Malcolm X quote from his “By Any Means Necessary Speech,” Organization of Afro-American Unity, New York, June 28, 1964. (https://azquotes.com).

This week, I published yet another article article in Al Jazeera English, this one titled “How US history is whitewashed in high school exams.” It’s about my experiences scoring AP US History and AP World History exams for the College Board through Educational Testing Service as a contingent faculty member. It was also about how the two organizations consistently present a sanitized version of both histories, excluding and marginalizing those of African, of Latinx, and of indigenous descent in the process. My biggest concern was that folks would find my treatment of the work of the College Board and ETS unfair. Or, that readers would disagree with me personally, attacking my intellect and my race purely out of racism and jingoism.

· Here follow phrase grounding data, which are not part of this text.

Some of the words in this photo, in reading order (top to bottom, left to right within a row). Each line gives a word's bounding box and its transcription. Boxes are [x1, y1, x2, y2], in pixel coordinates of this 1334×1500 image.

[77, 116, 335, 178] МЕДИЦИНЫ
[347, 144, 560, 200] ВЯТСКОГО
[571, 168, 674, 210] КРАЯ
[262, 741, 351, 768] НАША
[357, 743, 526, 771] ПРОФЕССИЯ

On the second concern, I was mostly right, but not quite in the way I expected. At least three trolls accused me of being “anti-American” and “anti-patriotic.” Really? So, no critique of American education or of two education organizations can stand without it being a referendum on whether I am a patriot for America as it is instead of what I’d like it to be? The narcissism I see out of the mostly male, nearly all White set in the US — it must reside in a bottomless pit. Or in the black hole at the center of the Milky Way.

Is calling out folks who believe themselves to be educators because they favored Japanese internment during World War II as an example of state-sponsored mass violence over slavery in colonial America/US really anti-American? Is pointing out the flaws in the politics around K-12 and college education in the field of history an example of my anti-patriotism? Should I be subjected to jingoistic scorn because I dare say that “[c]hattel slavery will always serve as a complicating counternarrative to The College Board’s trope of the West’s continual social and political progress?” If this is anti-American, then so is racism, misogyny, anti-Latino and anti-Arab xenophobia, and rolling tanks into DC on the 4th of July.

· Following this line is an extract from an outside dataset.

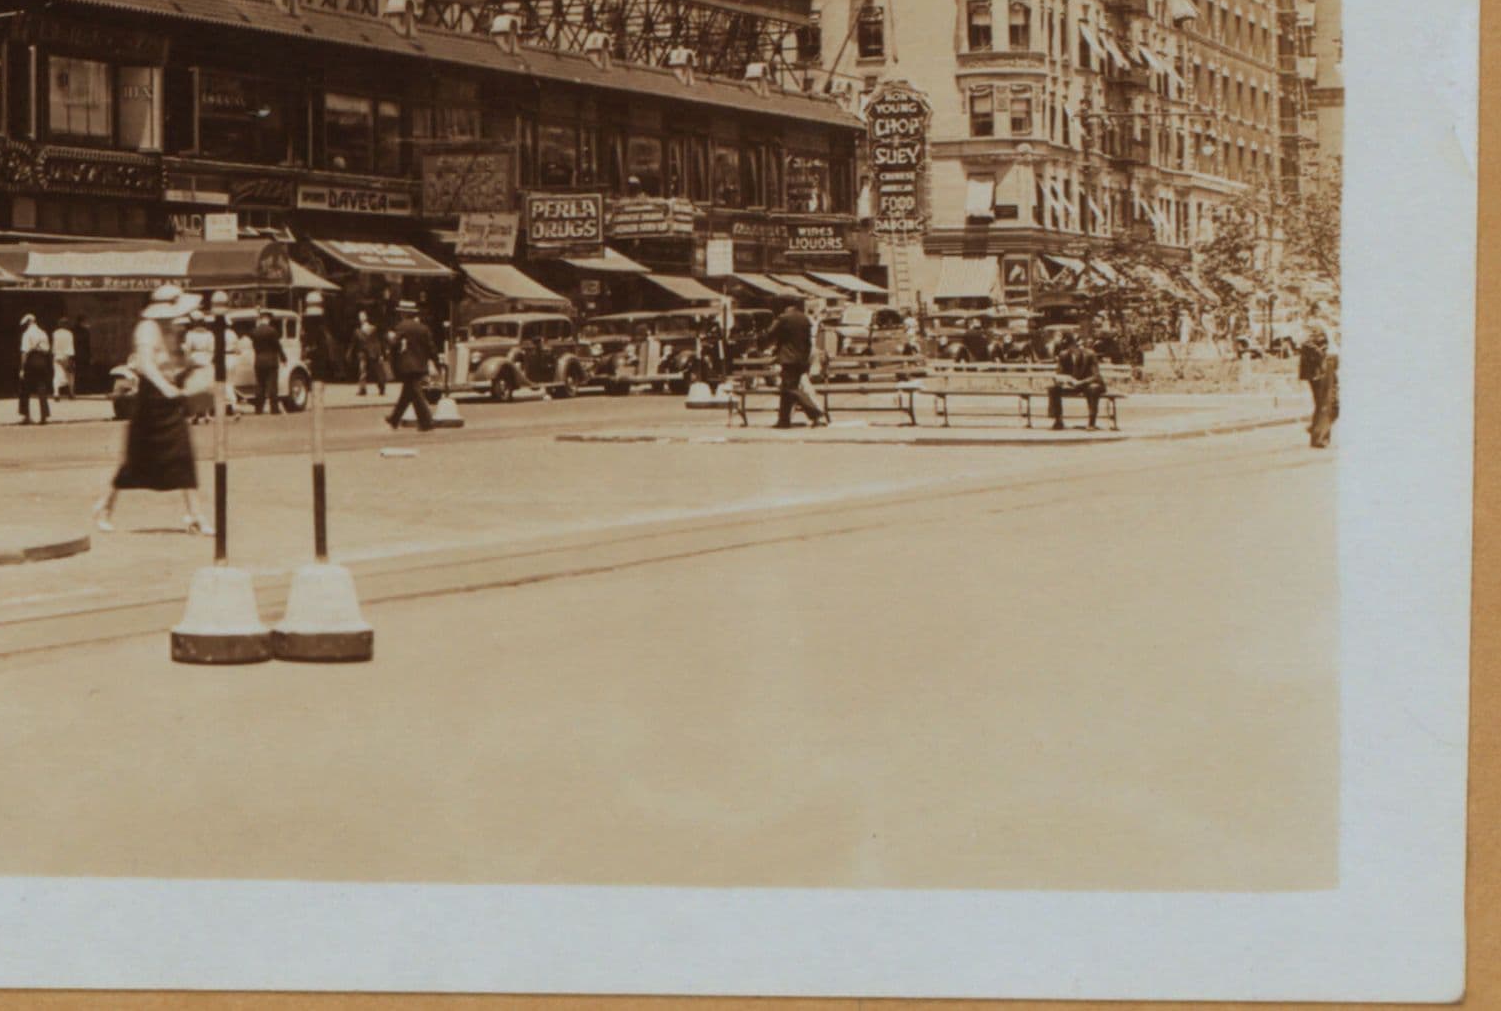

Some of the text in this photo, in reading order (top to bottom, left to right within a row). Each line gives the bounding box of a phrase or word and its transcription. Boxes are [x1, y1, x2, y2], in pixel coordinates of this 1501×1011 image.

But, there was more. At least two trolls tweeted and messaged me about Al Jazeera publishing my article this week. One called me a “fool” because they saw me as a mere tool for their otherwise anti-Black stances and tropes in their coverage. Another tweeted twice, “QATAR LAW: Since 2004, Article 296 of the current Penal Code (Law 11/2004) stipulates imprisonment between 1 and 3 years for sodomy between men.” This because Al Jazeera is partially owned by the Qatari government. Last I checked, the British government partially owns the BBC. The US has repugnant laws and policies in place toward Blacks, Latinxs, Native Americans, women, LGBTQIA folx, and the millions living with poverty. Yet I’m supposed to not publish a piece with one of the largest news outlets in the world because it might make me a tool of the Qatari, and therefore somehow anti-American? Give me a break!

Ultimately, I published with Al Jazeera this time around because they allowed me the most space to air my first-hand account and analysis, without delay and without editing out my direct experience. As a freelance writer and someone with an affinity for the journalistic, that’s really all any professional can ask for.

What I cannot nor will not do, though, is back down or renegotiate my critiques about the US, as is my right as an American citizen. Nor will I attempt to tailor what I write for folks who otherwise stand in opposition to a curriculum that holds fast to Western sacred cows and American mythologies.

At a job interview I did a couple of weeks ago in New Jersey, a search committee member asked me this. “What will you do to reach those people on campus who don’t just have concerns” about my work and the work of the department I could’ve represented, “but are in opposition to your work” and the department’s very existence? “Ultimately, I don’t believe it’s my job to reach folks who stand in opposition to equality, to my insistence that I am equally human. Why would I want to spend time and energy trying to reach those people? We’ve tried that already. With respectability politics, with assimilation. It hasn’t worked,” was my response.

The same goes for the trolls on the Internet, who’ve never seen an idea from a Black man or a Black woman that they’ve respected, who will find anything short of an endorsement from 45 anti-American. I am not writing for you. I am writing for everyone else but you.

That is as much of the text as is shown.